You seem to be talking through your hat if in your opinion very specific periods in anybody’s life without a log of some sort or an alibi must necessarily be not only dodgy but positively sinister. Guilty until proven innocent?
Hero worship and needing heroes, though part of human nature, is completely beside the point. Nobody forgets ASSK is a competent and elected (by her followers as their leader, not in the 1990 elections) politician, not even the foreigners. There never was a personality cult in Burma, not of Aung San the hero or even Ne Win the dictator. Heroes we have plenty, but we know them warts and all.
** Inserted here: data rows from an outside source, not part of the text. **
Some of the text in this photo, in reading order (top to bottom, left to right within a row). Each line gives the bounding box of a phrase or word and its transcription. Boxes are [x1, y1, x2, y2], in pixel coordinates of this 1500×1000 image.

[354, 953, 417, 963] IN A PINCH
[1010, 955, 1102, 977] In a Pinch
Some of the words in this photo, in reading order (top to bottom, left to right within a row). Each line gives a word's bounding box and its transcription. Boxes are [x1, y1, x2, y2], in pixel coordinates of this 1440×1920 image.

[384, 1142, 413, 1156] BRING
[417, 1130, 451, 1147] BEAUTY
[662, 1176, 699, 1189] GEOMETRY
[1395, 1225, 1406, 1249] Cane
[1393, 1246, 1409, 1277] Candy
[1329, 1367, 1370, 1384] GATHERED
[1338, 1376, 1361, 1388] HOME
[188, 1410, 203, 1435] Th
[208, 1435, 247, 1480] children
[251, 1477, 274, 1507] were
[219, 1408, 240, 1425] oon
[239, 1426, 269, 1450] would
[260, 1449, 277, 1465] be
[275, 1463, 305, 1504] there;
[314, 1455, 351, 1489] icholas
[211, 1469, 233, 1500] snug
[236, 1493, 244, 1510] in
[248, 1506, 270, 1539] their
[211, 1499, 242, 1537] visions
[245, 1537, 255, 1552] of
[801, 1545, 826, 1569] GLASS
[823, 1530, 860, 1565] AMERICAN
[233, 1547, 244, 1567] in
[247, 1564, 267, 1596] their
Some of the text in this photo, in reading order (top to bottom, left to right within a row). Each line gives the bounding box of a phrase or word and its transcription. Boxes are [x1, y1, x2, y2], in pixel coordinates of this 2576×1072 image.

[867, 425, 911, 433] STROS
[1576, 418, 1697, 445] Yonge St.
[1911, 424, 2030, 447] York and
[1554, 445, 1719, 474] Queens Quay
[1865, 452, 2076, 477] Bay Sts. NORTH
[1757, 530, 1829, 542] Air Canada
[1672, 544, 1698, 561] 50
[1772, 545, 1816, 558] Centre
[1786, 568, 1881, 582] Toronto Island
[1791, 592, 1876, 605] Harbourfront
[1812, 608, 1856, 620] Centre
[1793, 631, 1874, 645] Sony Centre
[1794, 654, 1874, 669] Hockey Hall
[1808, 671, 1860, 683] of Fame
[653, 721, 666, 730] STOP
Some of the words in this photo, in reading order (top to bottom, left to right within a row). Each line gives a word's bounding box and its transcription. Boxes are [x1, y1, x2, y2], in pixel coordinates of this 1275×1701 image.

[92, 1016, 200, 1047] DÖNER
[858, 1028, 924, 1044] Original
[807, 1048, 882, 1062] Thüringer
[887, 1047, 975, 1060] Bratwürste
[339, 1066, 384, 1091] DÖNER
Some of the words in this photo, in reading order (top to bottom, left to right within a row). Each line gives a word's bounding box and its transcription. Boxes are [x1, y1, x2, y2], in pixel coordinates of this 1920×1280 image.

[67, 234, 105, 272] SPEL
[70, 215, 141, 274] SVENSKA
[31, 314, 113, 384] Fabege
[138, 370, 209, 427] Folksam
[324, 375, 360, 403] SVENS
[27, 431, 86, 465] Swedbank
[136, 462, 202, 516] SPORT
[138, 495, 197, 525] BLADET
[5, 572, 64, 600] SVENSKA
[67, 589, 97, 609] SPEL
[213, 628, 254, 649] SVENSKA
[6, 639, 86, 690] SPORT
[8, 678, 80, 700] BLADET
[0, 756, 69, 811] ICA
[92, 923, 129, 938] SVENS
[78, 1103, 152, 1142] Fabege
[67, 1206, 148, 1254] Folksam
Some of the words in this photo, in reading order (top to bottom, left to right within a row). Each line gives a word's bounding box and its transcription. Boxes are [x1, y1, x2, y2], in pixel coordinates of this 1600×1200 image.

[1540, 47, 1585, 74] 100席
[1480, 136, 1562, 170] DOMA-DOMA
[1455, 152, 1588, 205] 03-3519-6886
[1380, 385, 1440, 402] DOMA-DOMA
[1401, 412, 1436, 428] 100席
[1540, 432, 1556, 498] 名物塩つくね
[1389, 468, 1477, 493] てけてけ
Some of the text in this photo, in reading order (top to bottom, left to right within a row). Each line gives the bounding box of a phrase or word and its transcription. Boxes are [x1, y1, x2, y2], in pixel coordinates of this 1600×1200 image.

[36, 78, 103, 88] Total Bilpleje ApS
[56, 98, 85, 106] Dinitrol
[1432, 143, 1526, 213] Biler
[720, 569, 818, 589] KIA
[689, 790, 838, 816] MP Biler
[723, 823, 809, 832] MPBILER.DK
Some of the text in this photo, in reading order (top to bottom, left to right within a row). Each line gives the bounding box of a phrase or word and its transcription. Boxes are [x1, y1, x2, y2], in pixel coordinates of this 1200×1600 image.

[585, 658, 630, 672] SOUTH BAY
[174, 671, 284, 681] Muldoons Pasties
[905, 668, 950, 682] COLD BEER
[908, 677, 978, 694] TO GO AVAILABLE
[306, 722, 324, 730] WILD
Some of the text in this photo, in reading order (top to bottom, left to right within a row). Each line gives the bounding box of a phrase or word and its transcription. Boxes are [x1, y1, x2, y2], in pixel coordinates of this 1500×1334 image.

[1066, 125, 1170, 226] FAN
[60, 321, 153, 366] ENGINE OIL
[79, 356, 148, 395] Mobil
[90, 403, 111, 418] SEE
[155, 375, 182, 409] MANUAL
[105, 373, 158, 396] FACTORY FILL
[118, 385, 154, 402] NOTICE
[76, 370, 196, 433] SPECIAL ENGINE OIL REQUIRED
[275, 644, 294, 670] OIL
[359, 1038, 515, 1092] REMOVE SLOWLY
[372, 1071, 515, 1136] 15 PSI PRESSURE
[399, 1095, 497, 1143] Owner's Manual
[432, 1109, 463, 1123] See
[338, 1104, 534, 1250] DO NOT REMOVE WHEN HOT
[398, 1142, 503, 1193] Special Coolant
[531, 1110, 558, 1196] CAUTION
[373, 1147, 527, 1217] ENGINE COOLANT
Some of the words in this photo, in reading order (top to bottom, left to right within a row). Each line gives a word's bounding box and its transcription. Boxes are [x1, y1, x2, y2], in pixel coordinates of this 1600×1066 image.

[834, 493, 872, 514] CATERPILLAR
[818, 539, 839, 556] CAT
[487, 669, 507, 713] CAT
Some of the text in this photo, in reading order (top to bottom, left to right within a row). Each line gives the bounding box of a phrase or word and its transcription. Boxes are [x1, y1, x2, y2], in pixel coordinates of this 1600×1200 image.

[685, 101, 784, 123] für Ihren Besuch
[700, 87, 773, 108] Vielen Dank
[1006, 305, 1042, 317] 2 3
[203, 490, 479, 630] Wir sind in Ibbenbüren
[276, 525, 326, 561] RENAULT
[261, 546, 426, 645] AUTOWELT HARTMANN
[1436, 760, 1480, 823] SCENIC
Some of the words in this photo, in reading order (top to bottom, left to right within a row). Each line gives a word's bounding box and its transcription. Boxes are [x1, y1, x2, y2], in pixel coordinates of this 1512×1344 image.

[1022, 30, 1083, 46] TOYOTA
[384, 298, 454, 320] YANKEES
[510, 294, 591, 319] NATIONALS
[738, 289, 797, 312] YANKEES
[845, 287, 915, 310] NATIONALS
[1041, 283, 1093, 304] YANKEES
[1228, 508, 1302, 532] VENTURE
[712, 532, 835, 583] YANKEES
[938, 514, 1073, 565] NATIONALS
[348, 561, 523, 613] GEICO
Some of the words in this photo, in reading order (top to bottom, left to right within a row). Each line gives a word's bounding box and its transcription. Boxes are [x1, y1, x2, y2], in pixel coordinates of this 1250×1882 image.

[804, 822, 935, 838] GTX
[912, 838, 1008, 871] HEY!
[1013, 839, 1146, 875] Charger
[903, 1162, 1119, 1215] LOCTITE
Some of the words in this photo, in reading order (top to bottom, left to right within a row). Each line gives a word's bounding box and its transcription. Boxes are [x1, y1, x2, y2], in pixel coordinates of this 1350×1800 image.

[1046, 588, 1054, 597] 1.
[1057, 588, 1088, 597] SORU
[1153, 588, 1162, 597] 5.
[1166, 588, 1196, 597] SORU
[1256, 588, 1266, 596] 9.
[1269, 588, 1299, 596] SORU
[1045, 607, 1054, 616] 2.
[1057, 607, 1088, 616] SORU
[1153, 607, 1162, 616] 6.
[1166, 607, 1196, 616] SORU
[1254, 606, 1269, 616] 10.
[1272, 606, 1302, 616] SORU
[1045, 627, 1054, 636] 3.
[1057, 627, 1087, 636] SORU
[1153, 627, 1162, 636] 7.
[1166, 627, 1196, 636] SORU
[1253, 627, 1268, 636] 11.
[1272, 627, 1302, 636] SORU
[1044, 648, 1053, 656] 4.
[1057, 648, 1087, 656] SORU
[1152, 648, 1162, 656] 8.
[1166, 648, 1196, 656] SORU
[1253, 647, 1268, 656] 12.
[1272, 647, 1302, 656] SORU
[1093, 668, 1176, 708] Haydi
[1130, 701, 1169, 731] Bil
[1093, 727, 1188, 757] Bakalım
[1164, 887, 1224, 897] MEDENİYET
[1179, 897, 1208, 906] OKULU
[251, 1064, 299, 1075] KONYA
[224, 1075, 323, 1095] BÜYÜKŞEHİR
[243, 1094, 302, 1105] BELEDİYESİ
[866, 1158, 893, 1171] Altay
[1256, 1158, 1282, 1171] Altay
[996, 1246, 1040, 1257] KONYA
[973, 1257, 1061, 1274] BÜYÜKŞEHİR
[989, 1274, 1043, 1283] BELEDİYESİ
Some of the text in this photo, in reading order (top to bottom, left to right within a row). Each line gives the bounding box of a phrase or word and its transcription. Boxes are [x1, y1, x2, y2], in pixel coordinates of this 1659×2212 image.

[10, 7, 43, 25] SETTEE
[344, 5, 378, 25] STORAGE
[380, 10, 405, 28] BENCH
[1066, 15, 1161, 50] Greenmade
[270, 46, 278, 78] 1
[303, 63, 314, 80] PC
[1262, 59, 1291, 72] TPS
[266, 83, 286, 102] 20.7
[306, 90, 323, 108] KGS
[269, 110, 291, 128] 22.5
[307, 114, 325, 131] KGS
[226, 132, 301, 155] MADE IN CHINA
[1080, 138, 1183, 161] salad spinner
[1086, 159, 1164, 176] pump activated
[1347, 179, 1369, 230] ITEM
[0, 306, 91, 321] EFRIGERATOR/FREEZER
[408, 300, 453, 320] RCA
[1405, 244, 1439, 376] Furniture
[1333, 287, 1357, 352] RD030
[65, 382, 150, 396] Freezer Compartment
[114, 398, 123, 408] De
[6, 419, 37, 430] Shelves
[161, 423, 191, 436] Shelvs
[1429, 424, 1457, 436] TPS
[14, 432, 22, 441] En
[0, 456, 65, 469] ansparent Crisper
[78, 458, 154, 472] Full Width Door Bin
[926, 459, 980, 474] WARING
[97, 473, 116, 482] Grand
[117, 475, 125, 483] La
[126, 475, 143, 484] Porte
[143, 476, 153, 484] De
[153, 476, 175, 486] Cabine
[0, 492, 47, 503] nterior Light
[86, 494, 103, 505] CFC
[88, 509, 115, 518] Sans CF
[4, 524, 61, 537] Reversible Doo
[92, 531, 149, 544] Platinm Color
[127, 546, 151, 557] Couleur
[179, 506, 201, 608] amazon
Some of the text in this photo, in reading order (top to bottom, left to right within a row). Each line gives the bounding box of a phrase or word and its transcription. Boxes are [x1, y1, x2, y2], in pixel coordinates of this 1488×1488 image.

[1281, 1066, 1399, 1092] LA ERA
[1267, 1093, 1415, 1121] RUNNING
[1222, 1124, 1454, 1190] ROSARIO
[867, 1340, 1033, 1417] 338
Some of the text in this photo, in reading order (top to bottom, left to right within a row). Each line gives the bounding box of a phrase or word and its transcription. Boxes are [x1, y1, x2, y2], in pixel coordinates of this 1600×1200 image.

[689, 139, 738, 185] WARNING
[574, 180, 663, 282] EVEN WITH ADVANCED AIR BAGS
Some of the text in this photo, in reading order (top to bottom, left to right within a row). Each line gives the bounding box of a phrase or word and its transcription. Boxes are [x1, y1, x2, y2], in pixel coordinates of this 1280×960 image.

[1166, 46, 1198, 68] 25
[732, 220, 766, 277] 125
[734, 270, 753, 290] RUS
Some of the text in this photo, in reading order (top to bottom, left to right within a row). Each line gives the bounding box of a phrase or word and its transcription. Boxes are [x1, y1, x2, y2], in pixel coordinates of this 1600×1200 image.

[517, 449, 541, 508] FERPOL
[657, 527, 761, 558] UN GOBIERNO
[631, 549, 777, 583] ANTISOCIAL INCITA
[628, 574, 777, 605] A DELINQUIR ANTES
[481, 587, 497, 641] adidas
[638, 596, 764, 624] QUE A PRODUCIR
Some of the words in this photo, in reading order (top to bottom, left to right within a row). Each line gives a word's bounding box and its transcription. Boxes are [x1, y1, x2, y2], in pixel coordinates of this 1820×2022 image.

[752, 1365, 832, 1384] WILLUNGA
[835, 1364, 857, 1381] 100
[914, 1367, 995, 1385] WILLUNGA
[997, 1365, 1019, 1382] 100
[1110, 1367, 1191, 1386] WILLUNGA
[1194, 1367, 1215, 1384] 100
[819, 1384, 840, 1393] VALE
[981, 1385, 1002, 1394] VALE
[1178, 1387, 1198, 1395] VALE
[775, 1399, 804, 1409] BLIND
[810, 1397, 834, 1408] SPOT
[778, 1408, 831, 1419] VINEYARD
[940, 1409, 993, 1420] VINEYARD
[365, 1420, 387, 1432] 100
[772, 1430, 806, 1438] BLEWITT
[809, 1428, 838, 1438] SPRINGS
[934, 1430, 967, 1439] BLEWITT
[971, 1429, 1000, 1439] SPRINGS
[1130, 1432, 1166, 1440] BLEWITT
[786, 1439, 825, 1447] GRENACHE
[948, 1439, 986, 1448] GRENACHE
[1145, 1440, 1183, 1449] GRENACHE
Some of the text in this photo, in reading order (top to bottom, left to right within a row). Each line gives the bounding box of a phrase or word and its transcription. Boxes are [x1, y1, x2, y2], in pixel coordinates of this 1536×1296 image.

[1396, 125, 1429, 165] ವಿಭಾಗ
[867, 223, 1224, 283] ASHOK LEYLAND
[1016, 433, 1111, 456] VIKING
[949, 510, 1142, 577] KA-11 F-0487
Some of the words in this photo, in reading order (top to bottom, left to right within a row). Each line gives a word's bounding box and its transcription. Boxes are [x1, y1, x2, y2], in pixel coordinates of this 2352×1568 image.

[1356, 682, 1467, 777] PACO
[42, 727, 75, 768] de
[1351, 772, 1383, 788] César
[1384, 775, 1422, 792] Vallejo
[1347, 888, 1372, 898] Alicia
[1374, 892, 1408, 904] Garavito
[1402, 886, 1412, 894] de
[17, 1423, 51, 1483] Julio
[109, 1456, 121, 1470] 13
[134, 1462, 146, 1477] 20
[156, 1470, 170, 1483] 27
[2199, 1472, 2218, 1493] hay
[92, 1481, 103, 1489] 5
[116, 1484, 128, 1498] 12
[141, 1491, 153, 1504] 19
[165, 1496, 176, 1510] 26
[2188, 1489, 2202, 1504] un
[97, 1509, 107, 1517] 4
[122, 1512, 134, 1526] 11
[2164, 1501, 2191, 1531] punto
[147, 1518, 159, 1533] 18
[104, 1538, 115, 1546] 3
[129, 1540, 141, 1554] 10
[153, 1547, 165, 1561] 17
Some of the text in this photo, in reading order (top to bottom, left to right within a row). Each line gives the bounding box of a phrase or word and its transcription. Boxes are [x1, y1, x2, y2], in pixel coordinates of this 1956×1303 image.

Besides, Aung San was never portrayed as perfect to us. It is common knowledge that he was the awkward unsociable type and his idea of naming his children was considered quirky and even weird. Dagon Taya, the famous author and his contemporary, wrote very early on about “Aung San the Untamed”, the man he knew.
So it is nothing personal either to say that Hla Oo has an agenda.
a. He has been consistently peddling the line of the Burmese being inherently violent if you read all the threads he is involved in past and present, either as a guest contributor or in the comments. From U Thant’s funeral riots of 1974 through the 8888 Uprising to now Aung San, the first two allegedly ‘eye witness accounts’.
b. By his own admission, he’d had contact and shady business dealings with the Burmese Military Intelligence after he’d left the country and having lived abroad for several years.
c. He does have something unique to offer to both Burmese and non-Burmese readers. He happens to be an ex-Tatmadaw man with so many tales to tell, most of what he has to tell unknown to most of us until now.
d. He is a very good story teller with a vivid imagination and delivers a ripping yarn, supposedly factual, but in truth fiction based on fact (faction), such as the execution of the Japanese officers. His father, by his own admission, would never have told him the real story in such graphic detail.
e. He often contradicts himself and takes liberty with the chronolgy of events to suit the ‘moral’ of his story line.
f. He has been at pains to convey the message that the Burmese generals today are really only so many chips of the old block, a violent race that cannot help being brutal and ruthless.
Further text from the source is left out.